[[ Entries supplied, beginning ]]
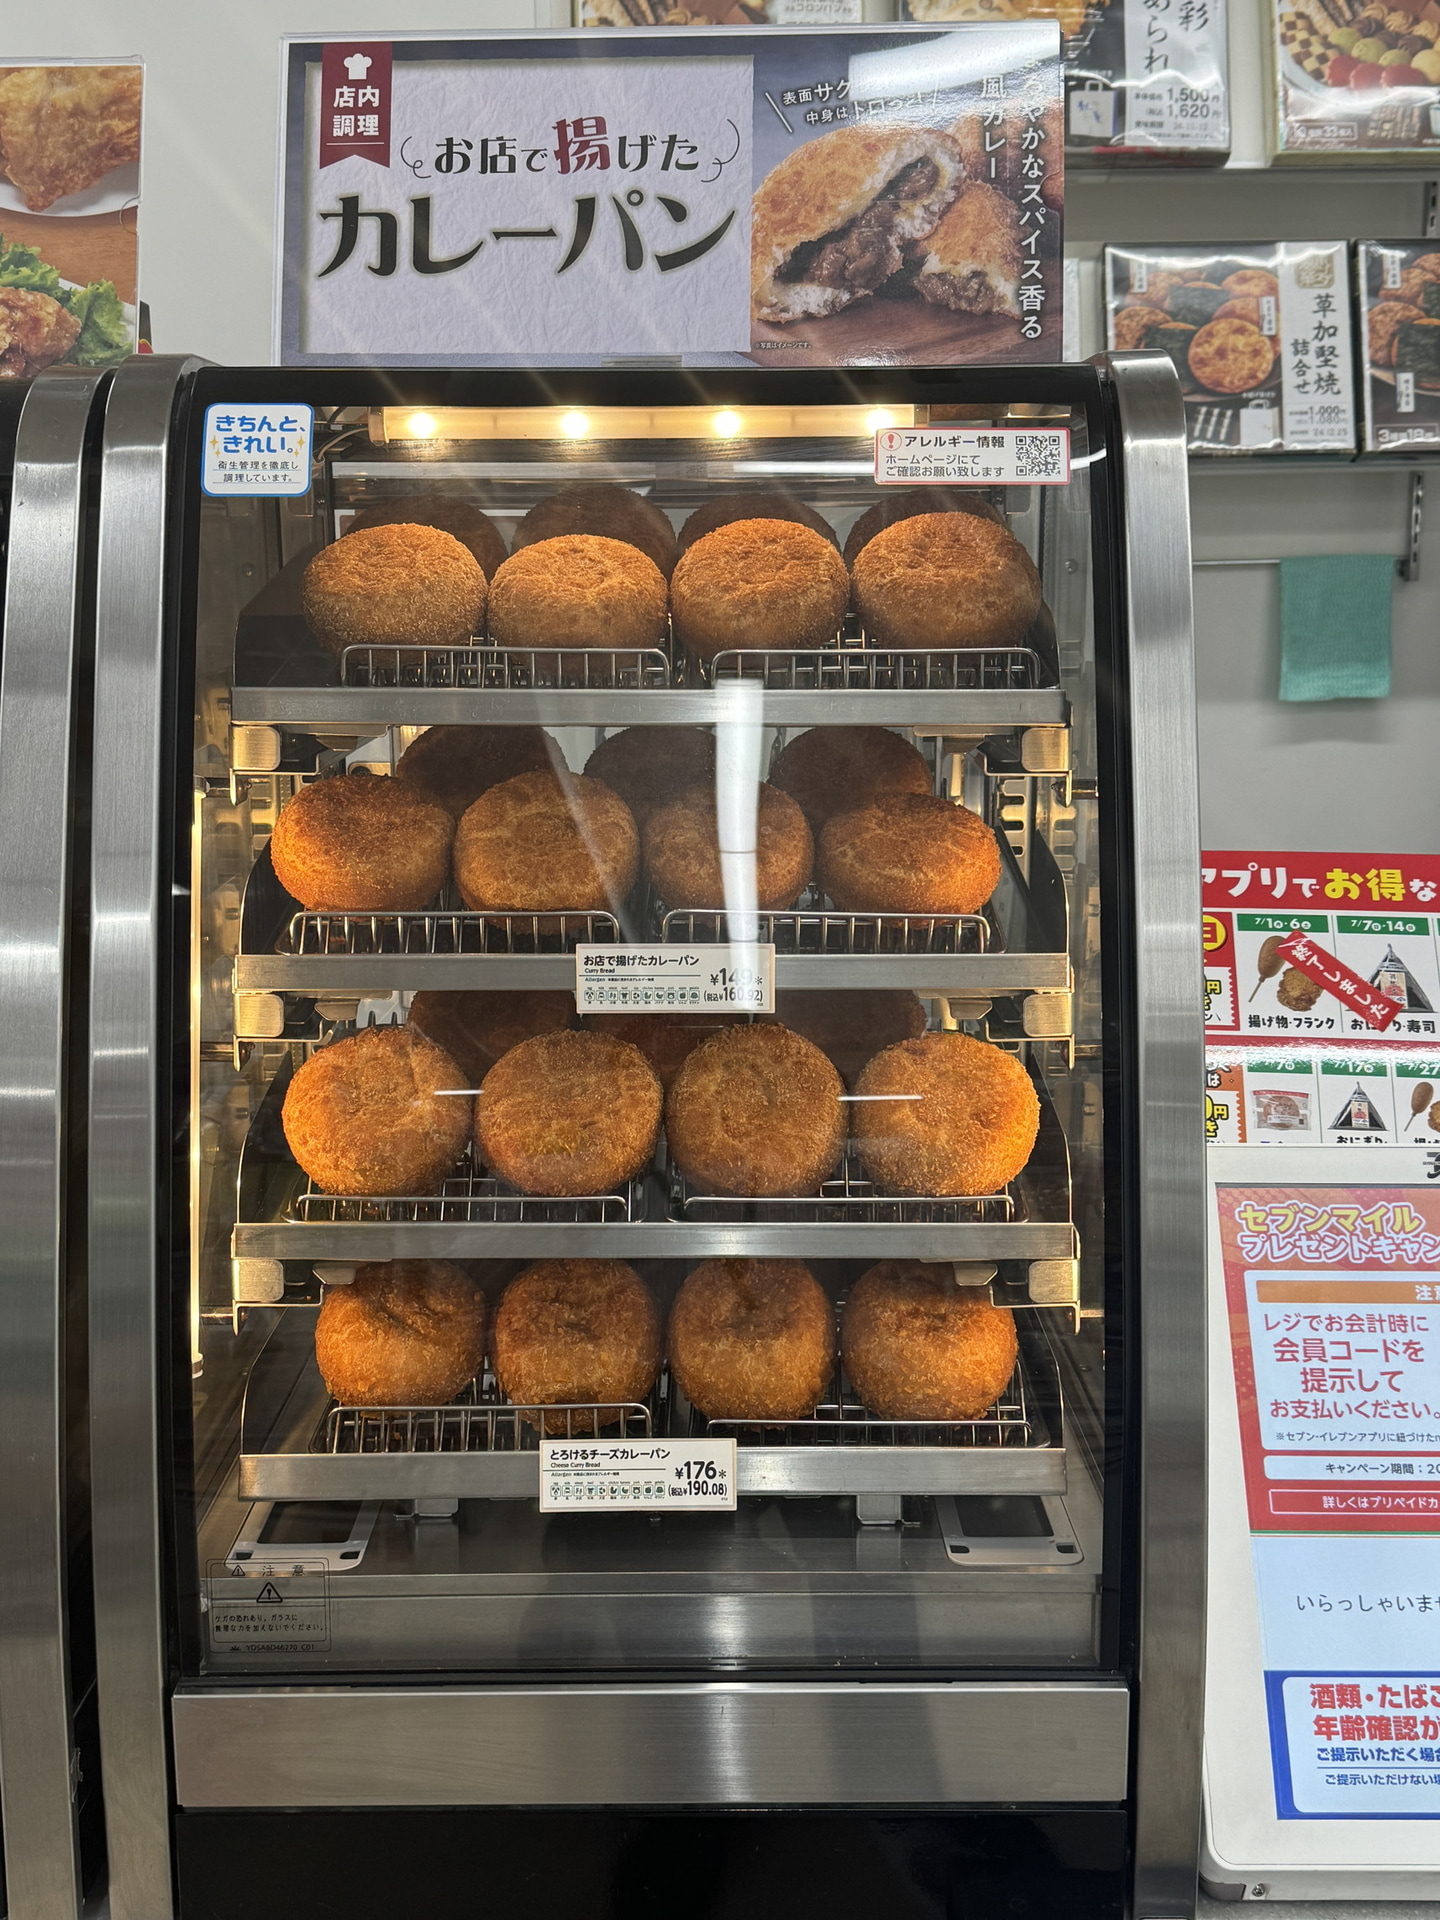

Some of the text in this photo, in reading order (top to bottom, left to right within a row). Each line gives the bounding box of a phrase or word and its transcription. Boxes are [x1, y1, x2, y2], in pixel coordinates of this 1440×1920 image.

[333, 86, 379, 108] 店内
[333, 114, 379, 137] 調理
[434, 116, 699, 174] お店で揚げた
[318, 189, 735, 278] カレーパン
[1312, 293, 1342, 395] 草加堅焼
[1290, 338, 1312, 394] 詰合せ
[216, 415, 305, 432] きちんと、
[223, 435, 294, 454] きれい。
[904, 435, 1005, 448] アレルギー情報
[218, 461, 299, 470] 衛生管理を徹底し
[886, 454, 981, 465] ホームページにて
[223, 473, 293, 482] 調理しています。
[886, 466, 1005, 477] ご確認お願い致します
[584, 955, 700, 966] お店で揚げたカレーパン
[1351, 1018, 1436, 1034] おり・寿司
[1238, 1203, 1423, 1236] セブンマイル
[1264, 1313, 1430, 1334] レジでお会計時に
[1273, 1337, 1425, 1363] 会員コードを
[1300, 1367, 1404, 1393] 提示して
[1270, 1399, 1440, 1419] お支払いください。
[550, 1448, 670, 1460] とろけるチーズカレーパン
[1322, 1495, 1439, 1508] 詳しくはプリペイドカ
[[ Entries supplied, end ]]
All lines above are to be restated word for word, with pictures excluded.

## Exercise answer
Some of the text in this photo, in reading order (top to bottom, left to right within a row). Each line gives the bounding box of a phrase or word and its transcription. Boxes are [x1, y1, x2, y2], in pixel coordinates of this 1440×1920 image.

[333, 86, 379, 108] 店内
[333, 114, 379, 137] 調理
[434, 116, 699, 174] お店で揚げた
[318, 189, 735, 278] カレーパン
[1312, 293, 1342, 395] 草加堅焼
[1290, 338, 1312, 394] 詰合せ
[216, 415, 305, 432] きちんと、
[223, 435, 294, 454] きれい。
[904, 435, 1005, 448] アレルギー情報
[218, 461, 299, 470] 衛生管理を徹底し
[886, 454, 981, 465] ホームページにて
[223, 473, 293, 482] 調理しています。
[886, 466, 1005, 477] ご確認お願い致します
[584, 955, 700, 966] お店で揚げたカレーパン
[1351, 1018, 1436, 1034] おり・寿司
[1238, 1203, 1423, 1236] セブンマイル
[1264, 1313, 1430, 1334] レジでお会計時に
[1273, 1337, 1425, 1363] 会員コードを
[1300, 1367, 1404, 1393] 提示して
[1270, 1399, 1440, 1419] お支払いください。
[550, 1448, 670, 1460] とろけるチーズカレーパン
[1322, 1495, 1439, 1508] 詳しくはプリペイドカ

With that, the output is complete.